§ What this task involves:
Without the pictures, set down every line of the data exactly.

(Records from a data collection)
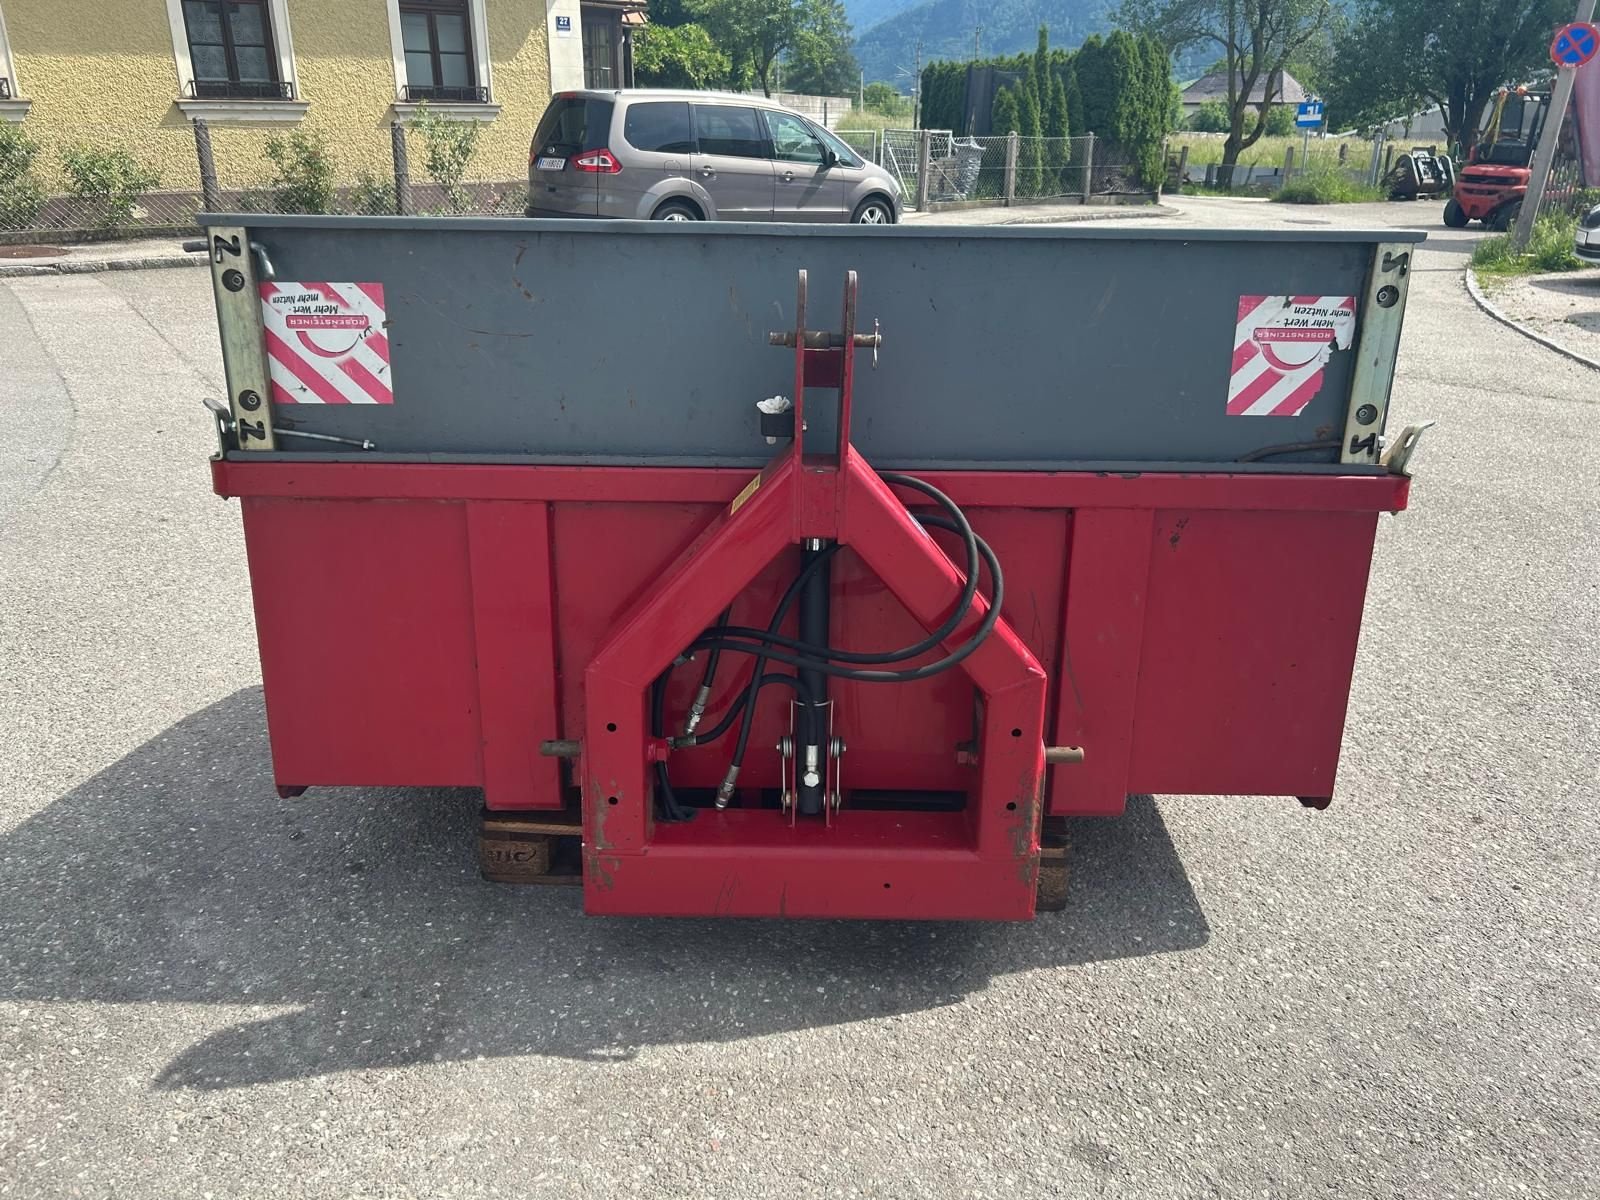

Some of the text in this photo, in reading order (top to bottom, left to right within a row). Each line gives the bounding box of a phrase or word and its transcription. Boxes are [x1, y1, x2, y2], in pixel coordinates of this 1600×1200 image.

[559, 17, 568, 25] 27
[272, 293, 319, 304] mehr Nutzen
[293, 306, 312, 314] Wert
[313, 305, 339, 314] Mehr
[1294, 306, 1351, 317] mehr Nutzen
[1284, 318, 1309, 328] Wert
[1311, 319, 1335, 328] Mehr
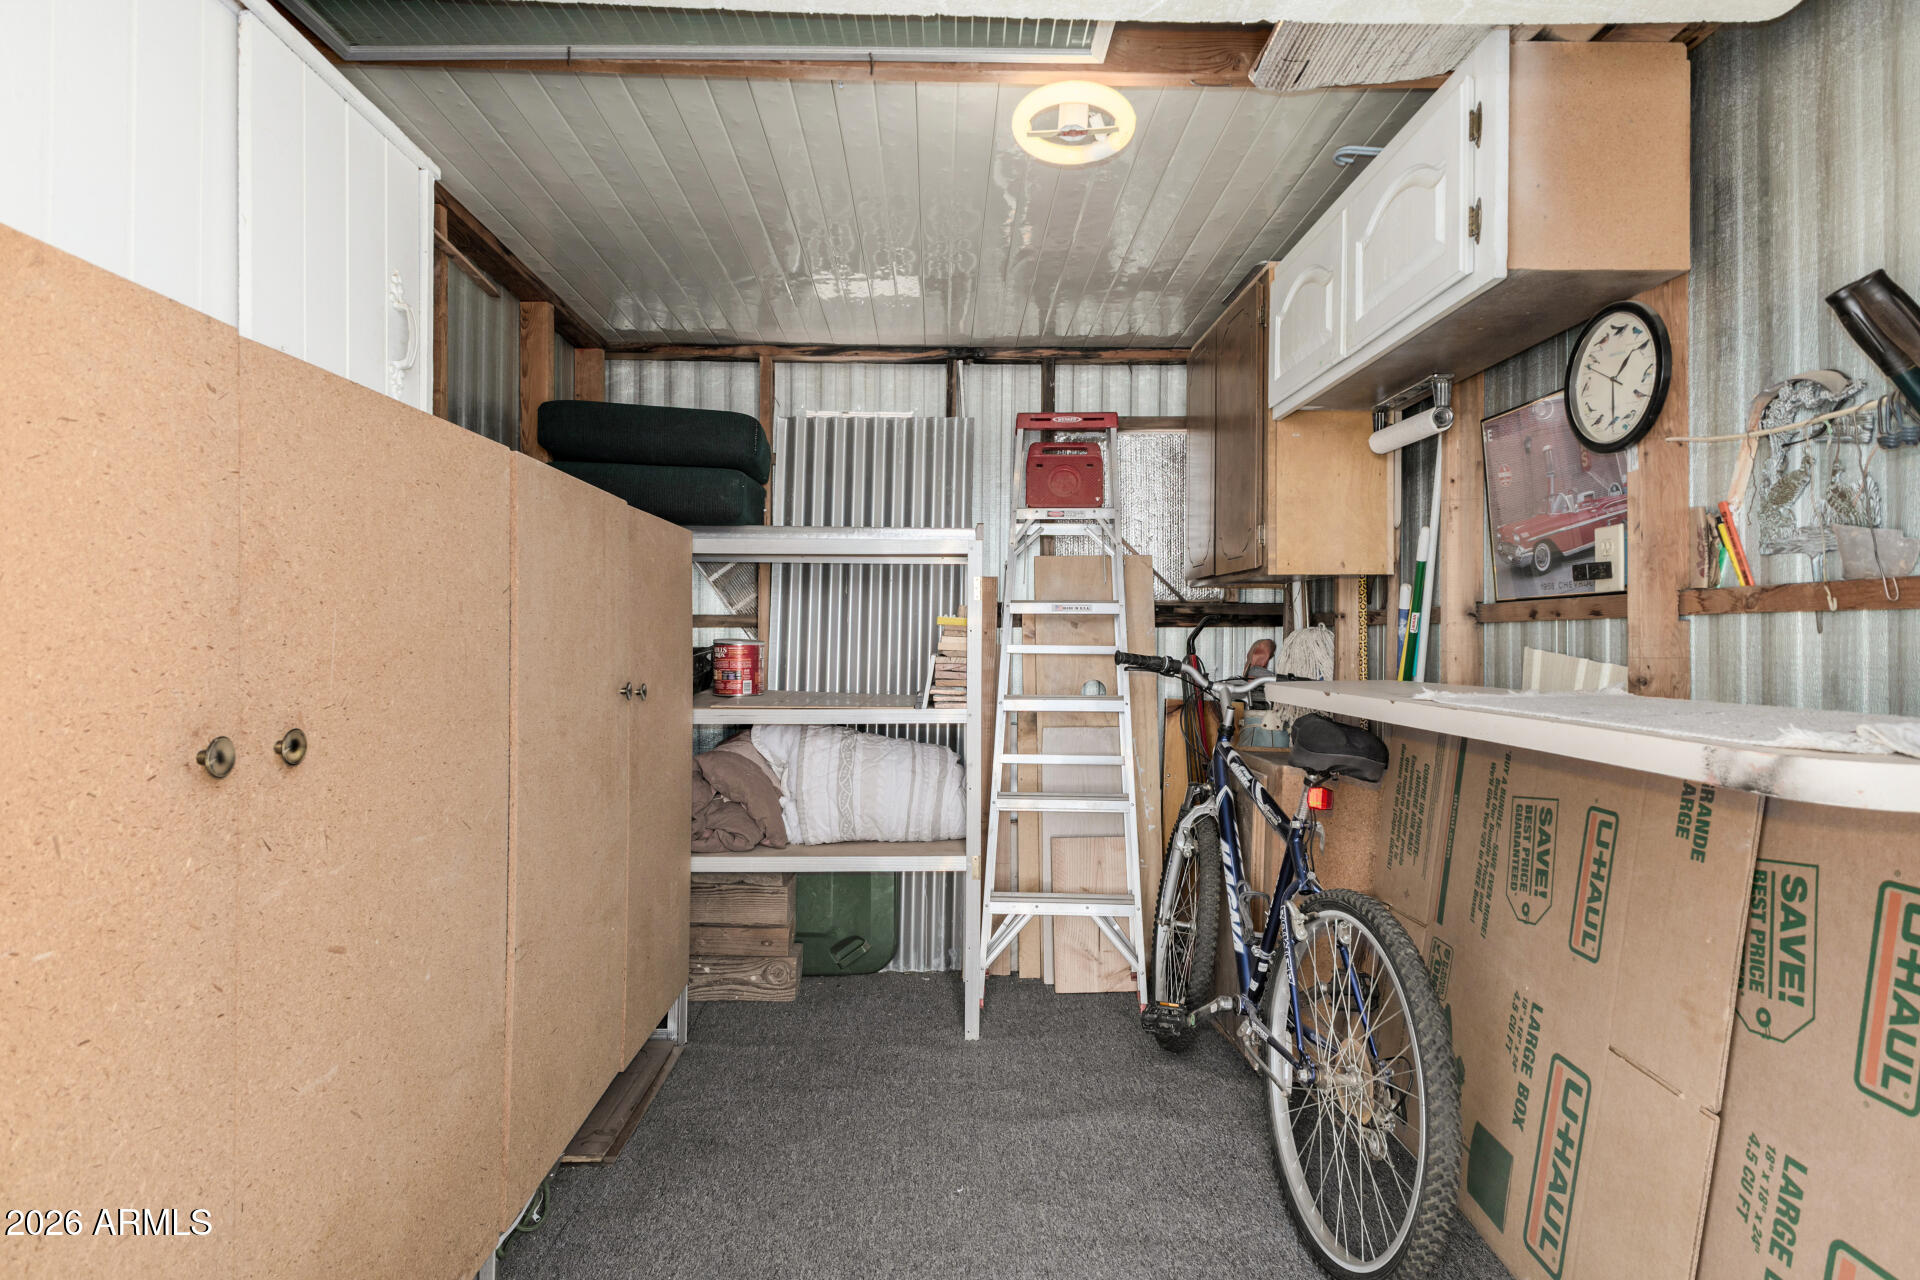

§ Answer to this exercise:
Some of the text in this photo, in reading order (top to bottom, left to right within a row). Each line gives the bounding box of a phrase or word and its transcription. Boxes are [x1, y1, x2, y2], in pixel coordinates of this 1600×1200 image.

[559, 17, 568, 25] 27
[272, 293, 319, 304] mehr Nutzen
[293, 306, 312, 314] Wert
[313, 305, 339, 314] Mehr
[1294, 306, 1351, 317] mehr Nutzen
[1284, 318, 1309, 328] Wert
[1311, 319, 1335, 328] Mehr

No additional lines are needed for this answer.